9. |
CONVERTIBLE NOTE PAYABLE – RELATED PARTY |
On October 18, 2016,
the Company entered into a five-year employment agreement, effective as of January 1, 2016, with Mr. Desmond Wheatley, the Chief
Executive Officer, President, and Chairman of the Company (the “Agreement”). Pursuant to the Agreement, Mr. Wheatley
receives an annual deferred salary of $50,000 which Mr. Wheatley defers until such time as Mr. Wheatley and the Board of Directors
agreed that payment of the deferred salary and/or cessation of the deferral was appropriate. In August 2018, the Agreement was
amended to provide that his salary shall defer until the earliest to occur of the following: (i) a permissible event specified
in Section 409A of the Code, (ii) December 31, 2020, (iii) a change of control as defined in the Agreement, or (iv) a sale of all
or substantially all of the assets of the Company.
All deferred amounts
are evidenced by an unsecured convertible promissory note payable by the Company to Mr.

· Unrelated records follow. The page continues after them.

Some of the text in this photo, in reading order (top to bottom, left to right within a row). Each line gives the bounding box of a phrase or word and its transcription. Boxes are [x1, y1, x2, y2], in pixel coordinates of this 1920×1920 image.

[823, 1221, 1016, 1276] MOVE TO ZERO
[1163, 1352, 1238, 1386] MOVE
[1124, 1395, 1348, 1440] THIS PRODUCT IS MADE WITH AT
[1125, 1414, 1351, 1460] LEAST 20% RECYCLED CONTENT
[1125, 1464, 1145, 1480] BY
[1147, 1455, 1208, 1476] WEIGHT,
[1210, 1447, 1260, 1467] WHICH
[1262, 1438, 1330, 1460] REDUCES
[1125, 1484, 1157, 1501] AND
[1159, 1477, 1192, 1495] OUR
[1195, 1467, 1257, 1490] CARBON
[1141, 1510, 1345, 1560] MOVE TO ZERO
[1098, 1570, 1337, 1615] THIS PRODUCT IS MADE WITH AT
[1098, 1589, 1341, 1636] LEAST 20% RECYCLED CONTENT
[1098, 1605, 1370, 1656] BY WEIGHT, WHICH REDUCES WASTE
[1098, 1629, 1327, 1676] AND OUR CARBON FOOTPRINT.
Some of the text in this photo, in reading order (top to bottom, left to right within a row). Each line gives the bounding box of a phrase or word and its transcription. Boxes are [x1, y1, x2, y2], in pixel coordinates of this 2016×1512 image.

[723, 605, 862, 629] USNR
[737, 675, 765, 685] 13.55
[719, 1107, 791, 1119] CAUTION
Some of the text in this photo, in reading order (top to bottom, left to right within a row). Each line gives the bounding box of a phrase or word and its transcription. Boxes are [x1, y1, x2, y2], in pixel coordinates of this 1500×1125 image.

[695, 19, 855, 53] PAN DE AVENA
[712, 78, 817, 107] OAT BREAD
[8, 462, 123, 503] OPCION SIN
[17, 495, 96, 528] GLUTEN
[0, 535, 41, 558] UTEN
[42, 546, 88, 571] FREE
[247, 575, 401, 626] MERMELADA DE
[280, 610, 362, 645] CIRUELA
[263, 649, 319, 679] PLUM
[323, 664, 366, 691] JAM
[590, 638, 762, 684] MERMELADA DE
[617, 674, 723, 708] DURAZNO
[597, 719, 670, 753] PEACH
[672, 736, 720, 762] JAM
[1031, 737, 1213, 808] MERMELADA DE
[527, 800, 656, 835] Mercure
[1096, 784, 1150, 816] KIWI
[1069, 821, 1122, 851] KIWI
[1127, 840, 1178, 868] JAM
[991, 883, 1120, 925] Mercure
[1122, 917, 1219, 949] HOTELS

Wheatley bearing simple interest at the
rate of 10% per annum, accruing until paid, convertible into shares of the Company’s common stock at $7.50 per share at any
time in whole or in part at Mr. Wheatley’s discretion. As the conversion price was equivalent to the fair value of the common
stock at various salary deferral dates prior to June 30, 2018, there was no beneficial conversion feature to this note through
such date. Subsequent to June 30, 2018 through December 31, 2018 and based on the average daily closing price of our common stock,
the Company recorded $8,672 of debt discount for the beneficial conversion feature value which is being amortized to interest expense
over the term of the note. For the three months ended March 31, 2019 and based on the average daily closing price of our common
stock, the Company recorded $3,967 of debt discount for the beneficial conversion feature value which is also being amortized to
interest expense over the term of the note. There was no beneficial conversion value and therefore, no debt discount was recorded
for the three months ended June 31, September 30 or December 31, 2019. Additionally, on March 29, 2017 the Board of Directors granted
Mr. Wheatley a $35,000 bonus for which Mr. Wheatley agreed to defer such bonus under the same terms of his salary deferral. The
balance of the note as of December 31, 2019 is $214,427, net of debt discount amounting to $5,990, with accrued and unpaid interest
amounting to $48,884 which is included in accrued expenses (See Note 7). The balance of the note as of December 31, 2018, was $177,251,
net of debt discount amounting to $7,749, with accrued and unpaid interest amounting to $28,220.
On September 17, 2019,
the Board of Directors adopted a resolution to pay off the convertible promissory note issued to Mr. Wheatley for his deferred
compensation in the near future (subject to a recommendation on timing from Mr. Wheatley), and no additional salary was deferred
after September 15, 2019. As a result, this note is presented as a current liability on the accompanying balance sheet at December
31, 2019 and was presented as a non-current liability at December 31, 2018 (See Note 18 and 19).